● AIM OF THE EXERCISE
Could you copy the data that follows exactly as written, but drop the pictures?

(Annotated photo localization data)
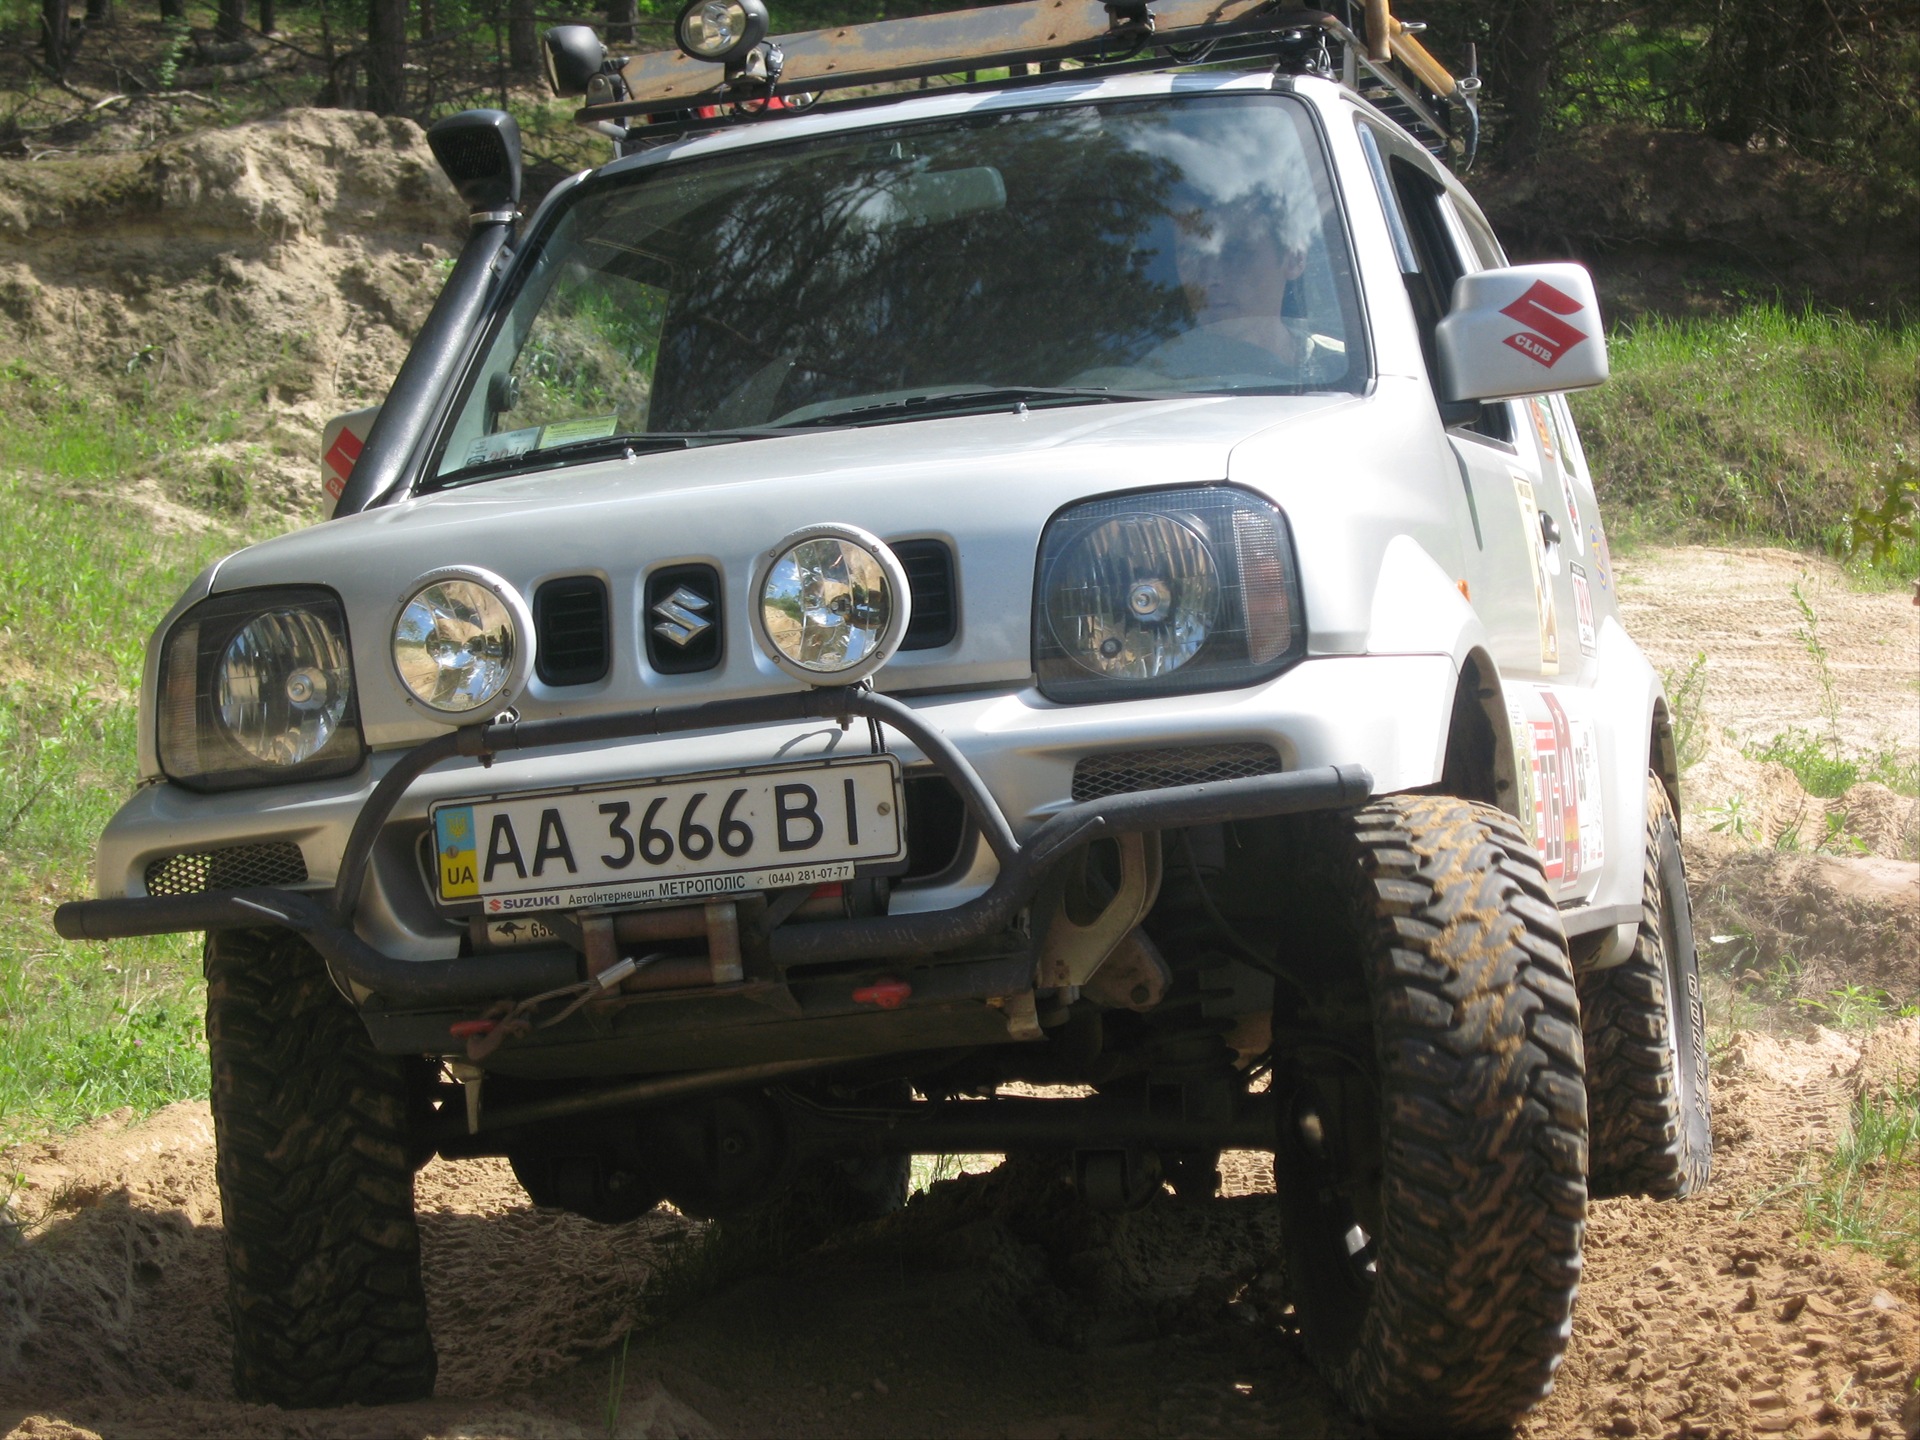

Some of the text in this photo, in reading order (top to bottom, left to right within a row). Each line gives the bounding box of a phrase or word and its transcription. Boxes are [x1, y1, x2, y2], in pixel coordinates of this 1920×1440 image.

[1514, 334, 1553, 362] CLUB
[483, 808, 578, 883] AA
[598, 788, 754, 870] 3666
[447, 868, 475, 886] UA
[658, 875, 746, 897] МЕТРОПОЛІС
[768, 866, 850, 886] (044) 281-07-77
[503, 895, 560, 910] SUZUKI

● WRITTEN ANSWER
Some of the text in this photo, in reading order (top to bottom, left to right within a row). Each line gives the bounding box of a phrase or word and its transcription. Boxes are [x1, y1, x2, y2], in pixel coordinates of this 1920×1440 image.

[1514, 334, 1553, 362] CLUB
[483, 808, 578, 883] AA
[598, 788, 754, 870] 3666
[447, 868, 475, 886] UA
[658, 875, 746, 897] МЕТРОПОЛІС
[768, 866, 850, 886] (044) 281-07-77
[503, 895, 560, 910] SUZUKI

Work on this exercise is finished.